1. A multilingual text quality assessment method is characterized in that a sentence or chapter is divided into a continuous word pair set by adopting a bigram model, cosine similarity between vectors of two adjacent words in the sentence is calculated pair by pair to obtain semantic quality scores between the two words, and the quality scores of the sentence level and the chapter level are obtained through an average sum algorithm;

the quality score is calculated by the following method:

p(s)＝p(w₁)p(w₂|w₁)p(w₃|w₂)K p(w_n|w_n-1)；

the condition is obtained by counting word frequency;

2. The multilingual text quality-assessment method of claim 1, wherein the splitting of a sentence or chapter into a set of consecutive word pairs using a bigram model requires: performing distributed representation of characters on the text corpus at a character level through a neural network language model; capturing context information of the words and the words in sentences by utilizing a sliding window, modeling semantic collocation of the words, and mapping each word into an N-dimensional floating point vector.

3. The multilingual text quality-assessment method of claim 1, wherein said splitting a sentence or chapter into a set of consecutive word pairs using a bigram model entails:

4. The multilingual text quality-assessment method of claim 3, wherein said degree of matching between the headline and body contents is determined by distributively characterizing the headline and body, and measuring the degree of matching between the headline and body by calculating semantic similarity therebetween; semantic vectors for the headlines and the body are obtained by calculating a weighted average sum of word vectors for the characters.

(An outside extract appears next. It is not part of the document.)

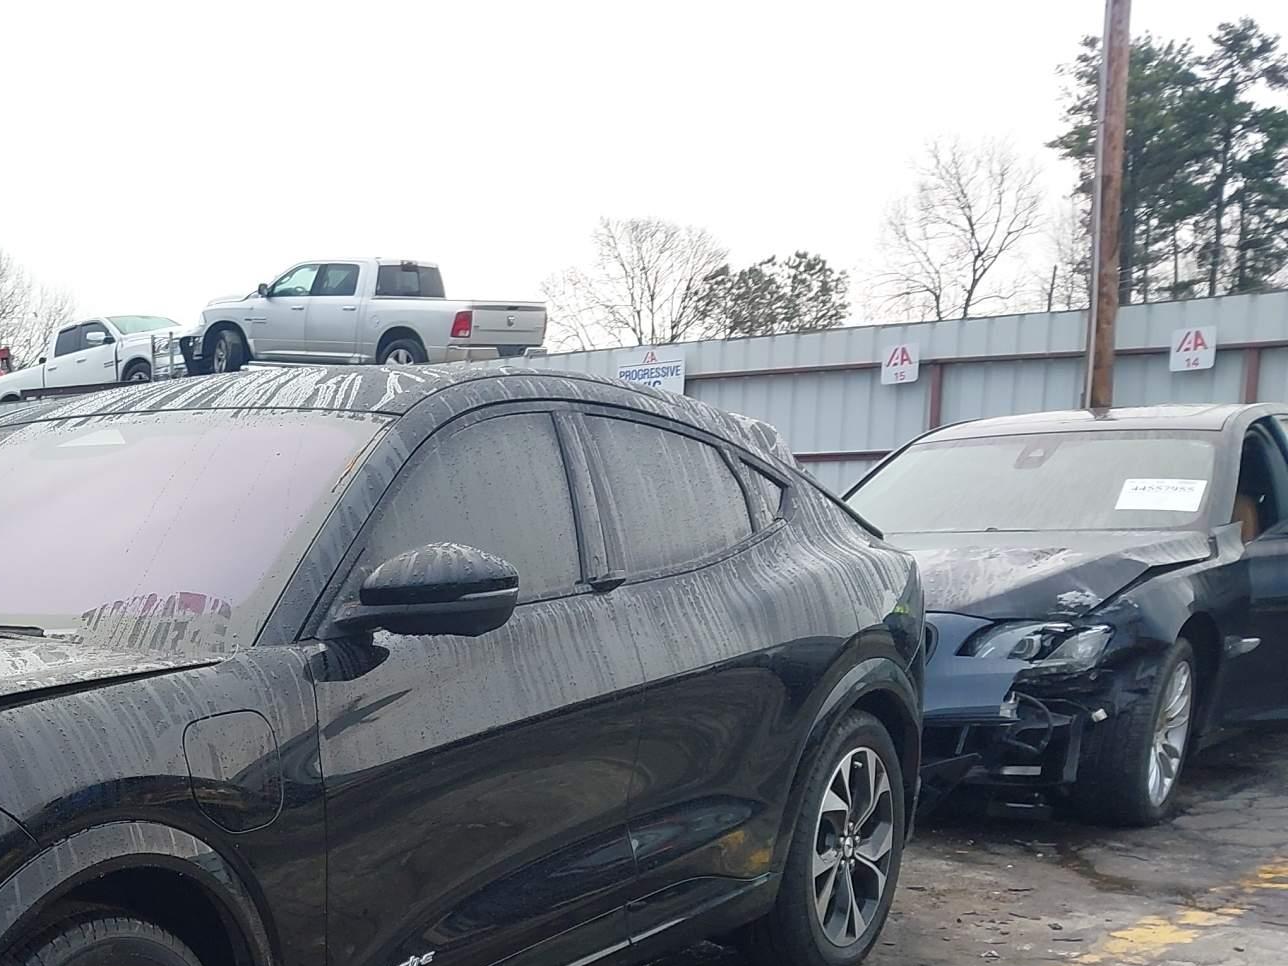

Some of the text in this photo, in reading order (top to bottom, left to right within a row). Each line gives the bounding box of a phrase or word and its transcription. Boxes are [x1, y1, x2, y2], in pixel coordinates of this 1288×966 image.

5. The multilingual text quality-assessment method of claim 4, further comprising:

wherein d is damping coefficient with value of 0.85 In (W)_i) To point to the character set of the current character, Out (W)_j) Set of characters, ω, pointed to for the current character_jiIs a co-occurrence weight of two characters; obtaining a text semantic vector by means of weighted average sum, and expressing the text semantic vector as follows by using a formula:

6. An intelligent text processing system for implementing the multilingual text-quality-assessment method according to any one of claims 1 to 5.

7. A multilingual text quality-evaluating system of the multilingual text quality-evaluating method of claim 1, wherein the multilingual text quality-evaluating system comprises:

the splitting module is used for splitting the sentence or the chapter into a continuous word pair set, calculating the cosine similarity between vectors of two adjacent words in the sentence or the chapter pair by pair to obtain the semantic quality score between the two words, and obtaining the quality scores of a sentence level and a chapter level through an average sum algorithm; the quality score is calculated by the following method:

p(s)＝p(w₁)p(w₂|w₁)p(w₃|w₂)K p(w_n|w_n-1)；

the condition is obtained by counting word frequency;

combining the two formulas to obtain the mass fraction of a sentence; the quality score of the input document can be obtained by averaging all sentences;

8. An intelligent text processing system to which the multilingual text-quality-evaluating system of claim 7 is applied.